↓↓↓
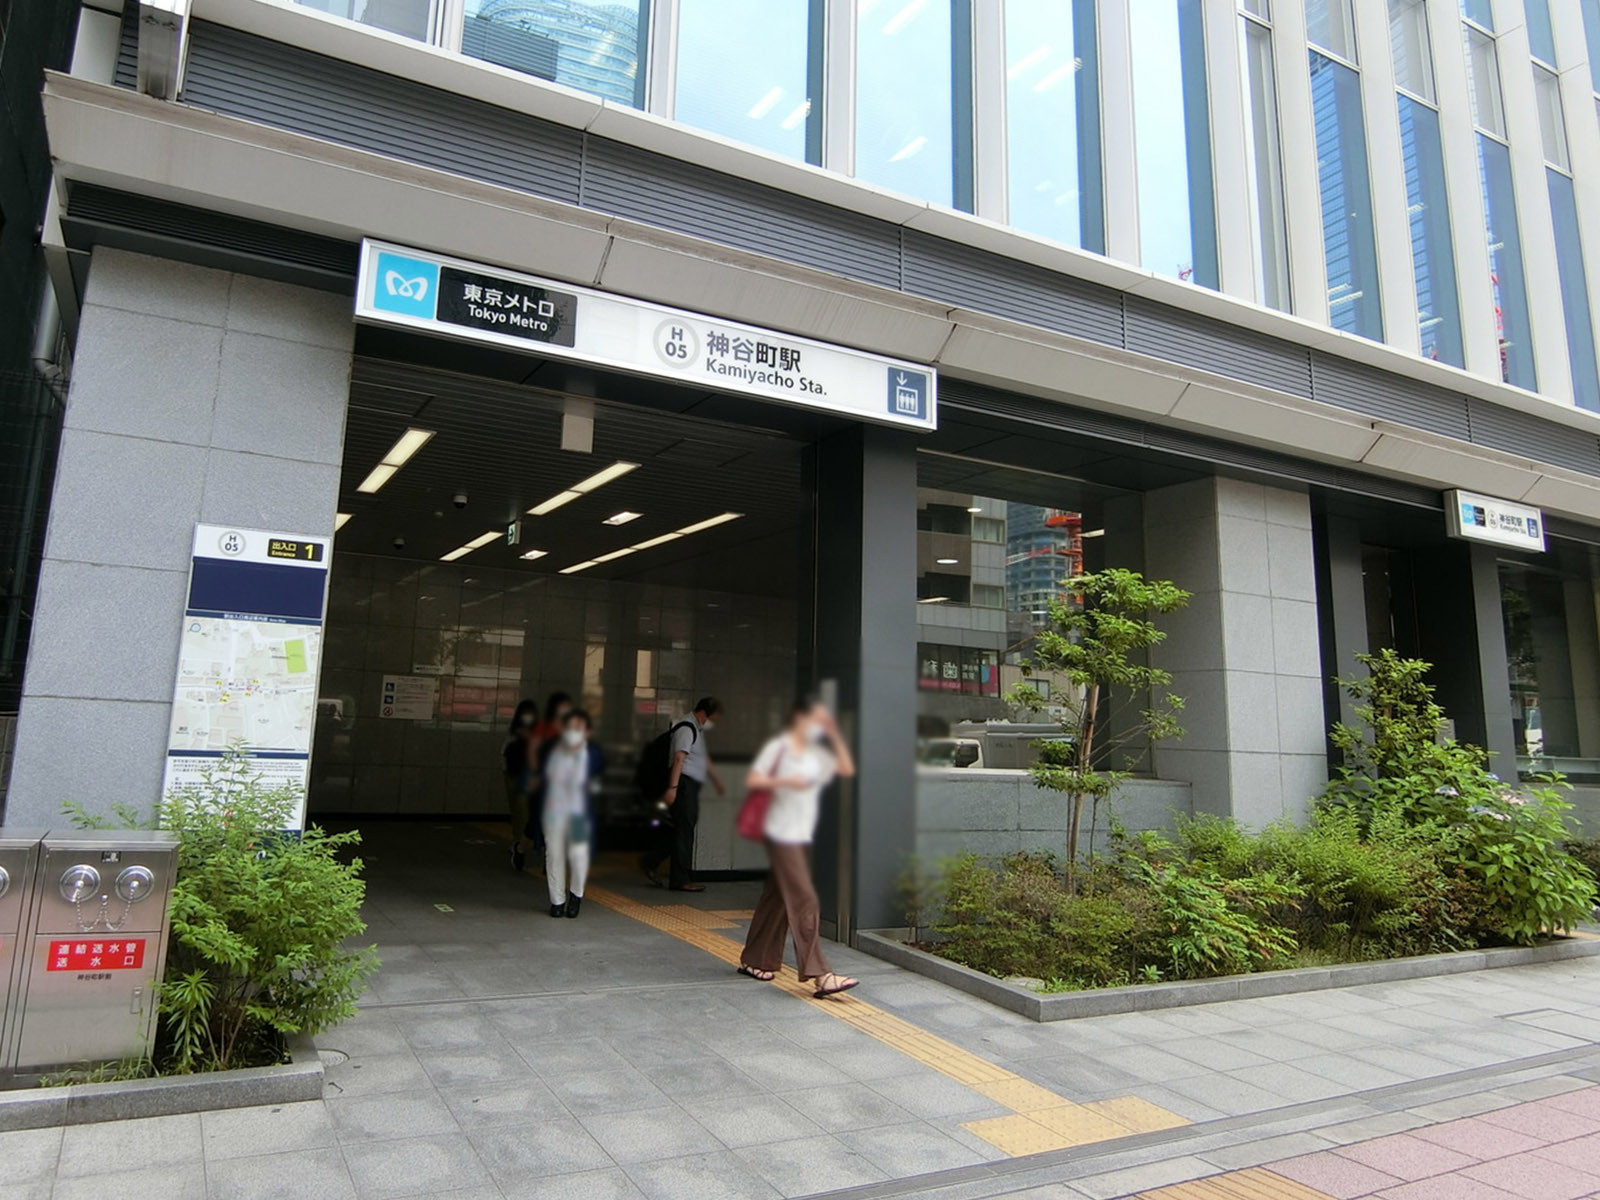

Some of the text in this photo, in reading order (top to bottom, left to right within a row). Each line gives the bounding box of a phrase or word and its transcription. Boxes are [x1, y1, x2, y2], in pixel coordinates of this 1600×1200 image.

[463, 283, 555, 318] 東京メトロ
[468, 304, 548, 332] Tokyo Metro
[671, 326, 684, 342] H
[664, 341, 688, 360] 05
[706, 330, 802, 373] 神谷町駅
[706, 357, 828, 396] Kamiyacho Sta.
[224, 543, 238, 551] 05
[229, 534, 237, 543] H
[272, 541, 314, 560] 出入口 1
[58, 942, 136, 954] 連結送水管
[56, 956, 135, 967] 送水口
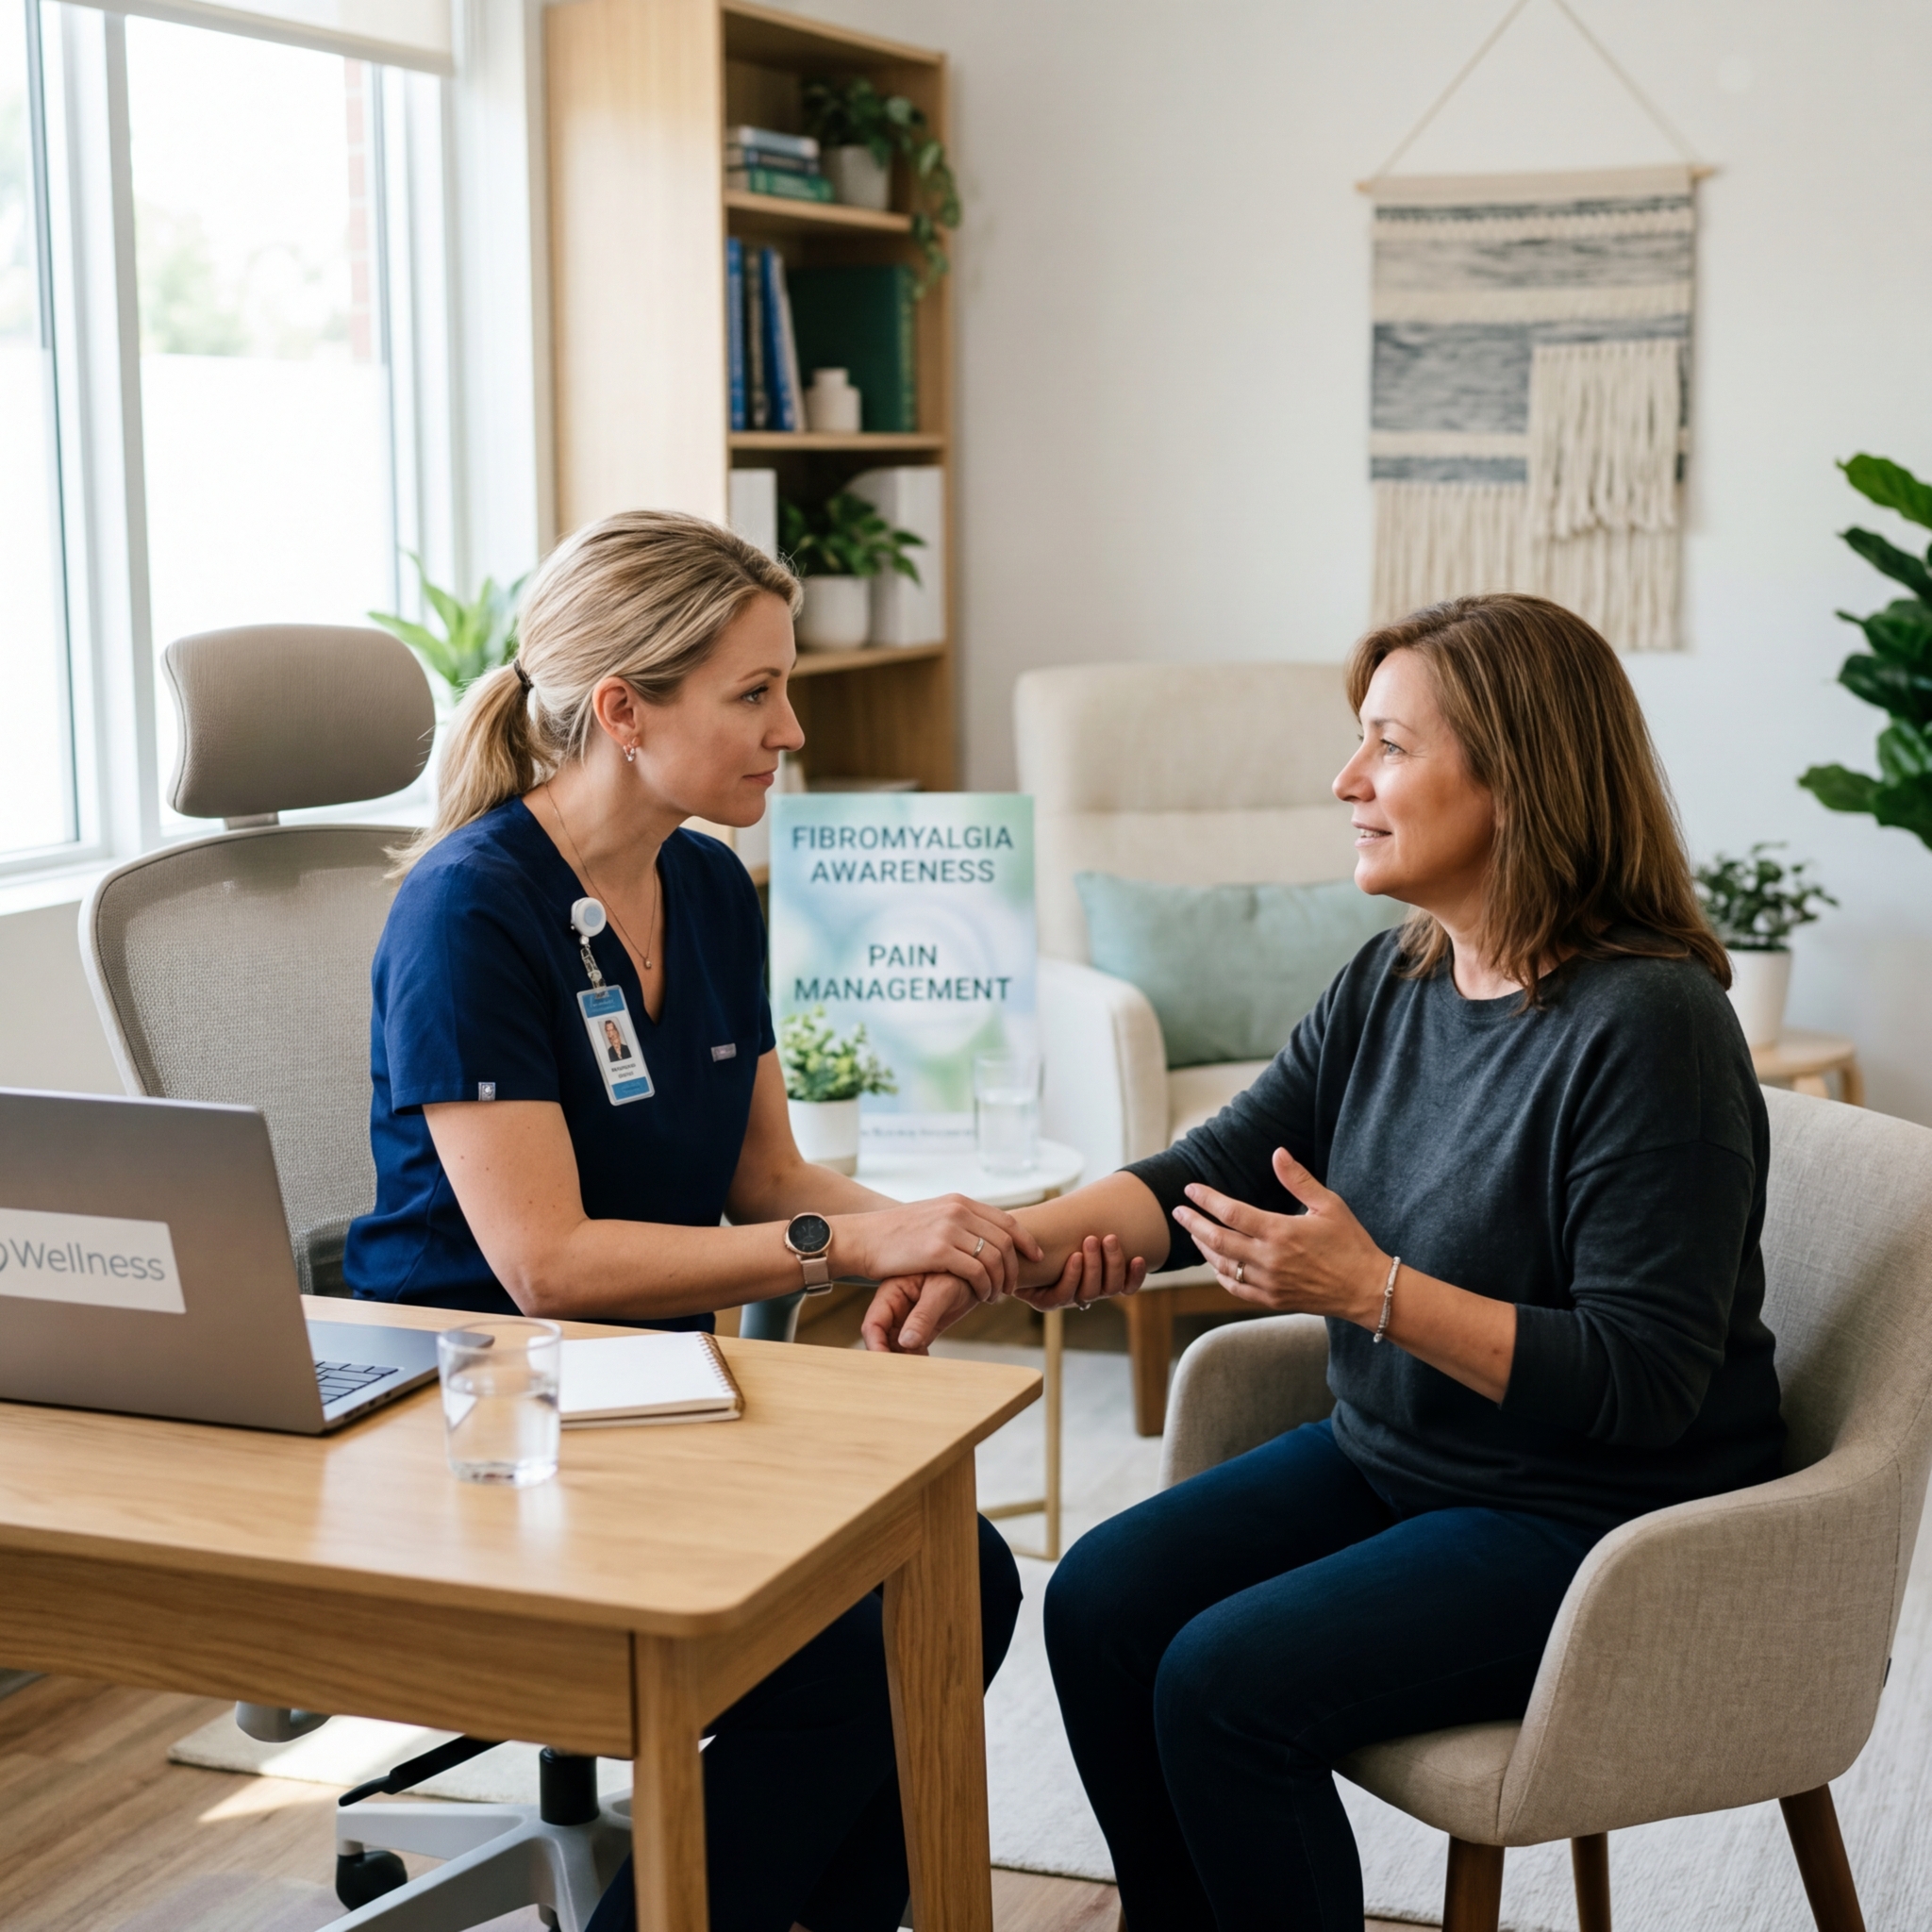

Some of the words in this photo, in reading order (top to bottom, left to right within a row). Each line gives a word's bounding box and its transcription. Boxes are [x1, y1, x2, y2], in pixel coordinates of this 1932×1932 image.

[792, 826, 1013, 849] FIBROMYALGIA
[811, 860, 995, 883] AWARENESS
[869, 945, 937, 967] PAIN
[794, 977, 1012, 1001] MANAGEMENT
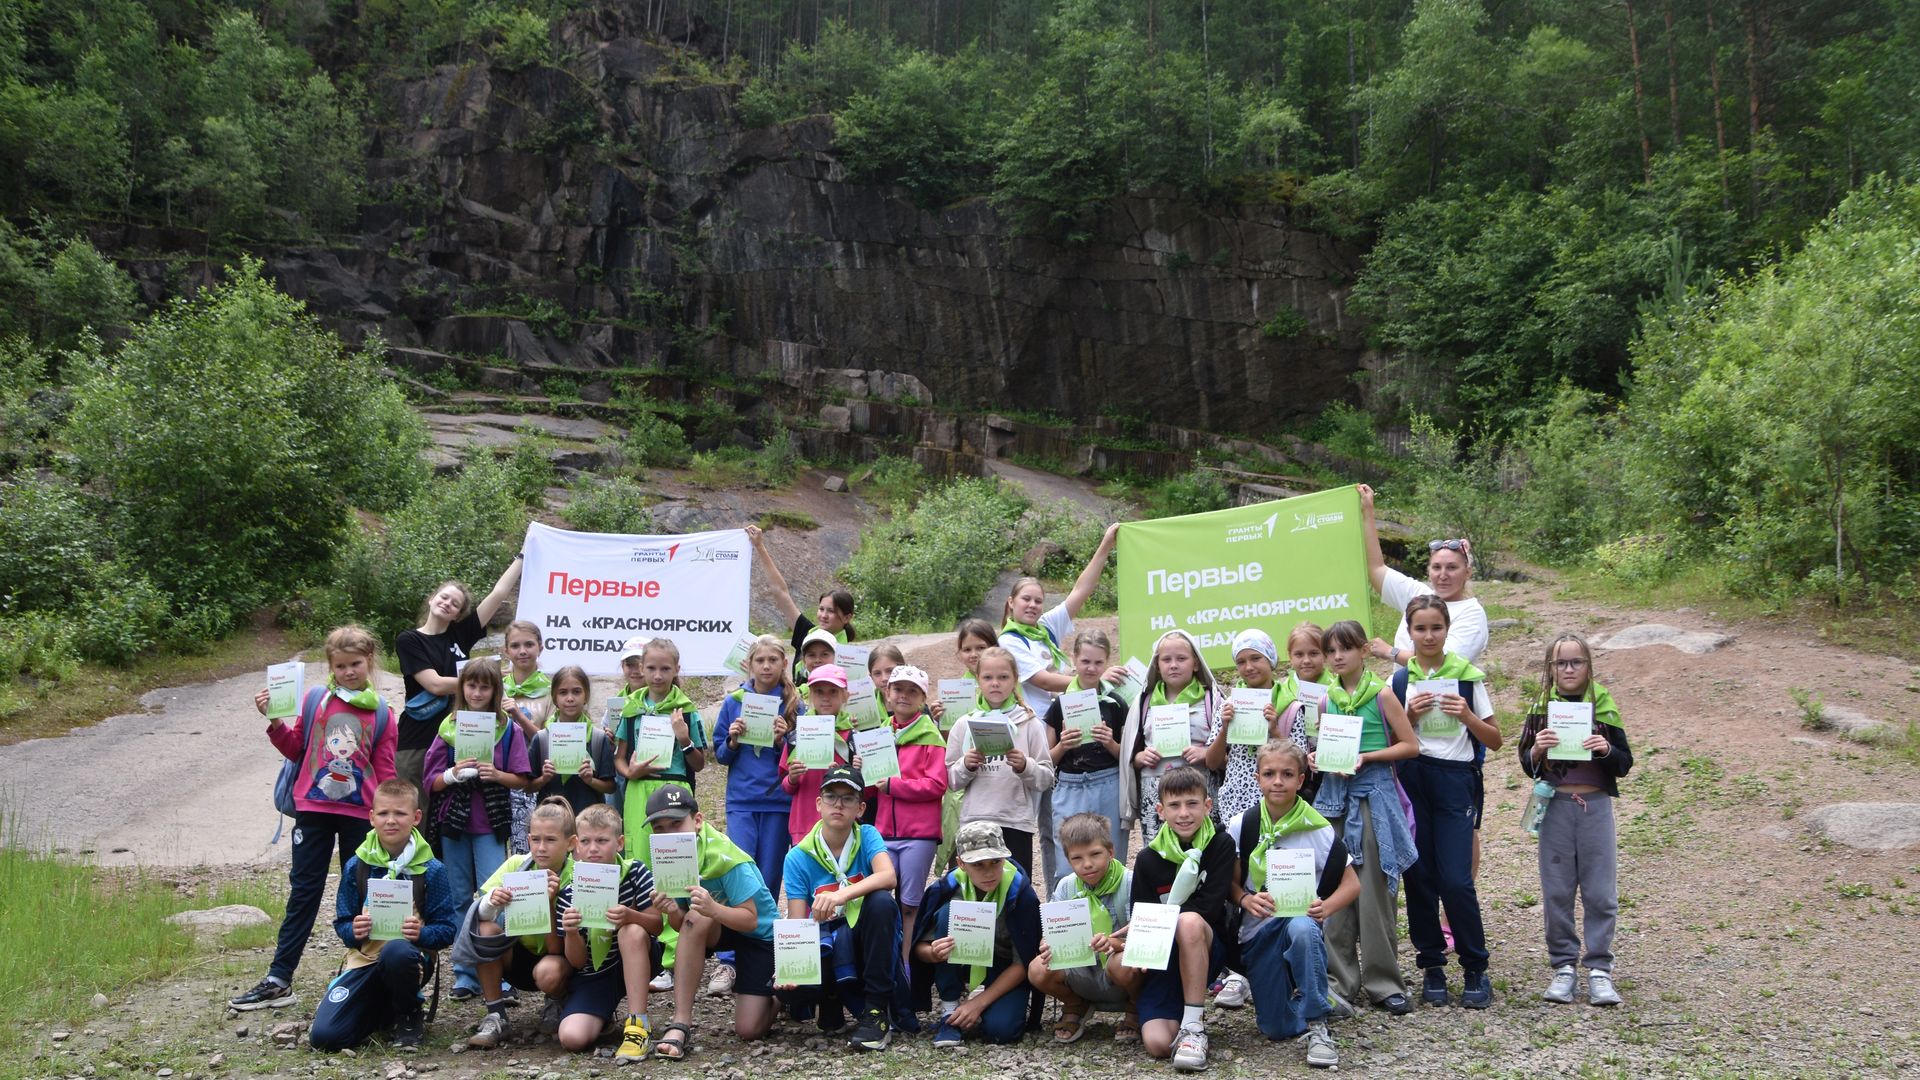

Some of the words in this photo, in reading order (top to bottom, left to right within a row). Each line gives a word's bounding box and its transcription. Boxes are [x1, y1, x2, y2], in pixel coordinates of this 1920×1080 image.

[1226, 533, 1262, 543] ПЕРВЫХ
[1228, 525, 1262, 535] ГРАНТЫ
[548, 572, 660, 602] Первые
[1147, 562, 1262, 598] Первые
[546, 615, 570, 628] НА
[582, 617, 732, 633] «КРАСНОЯРСКИХ
[1150, 614, 1176, 630] НА
[1187, 594, 1349, 625] «КРАСНОЯРСКИХ
↑↑↑
**Task statement:**
Please transcribe exactly the line containing "this 1920×1080 image." and every line after it to the end of the data, and no other lines.

**Response area:**
Some of the words in this photo, in reading order (top to bottom, left to right within a row). Each line gives a word's bounding box and its transcription. Boxes are [x1, y1, x2, y2], in pixel coordinates of this 1920×1080 image.

[1226, 533, 1262, 543] ПЕРВЫХ
[1228, 525, 1262, 535] ГРАНТЫ
[548, 572, 660, 602] Первые
[1147, 562, 1262, 598] Первые
[546, 615, 570, 628] НА
[582, 617, 732, 633] «КРАСНОЯРСКИХ
[1150, 614, 1176, 630] НА
[1187, 594, 1349, 625] «КРАСНОЯРСКИХ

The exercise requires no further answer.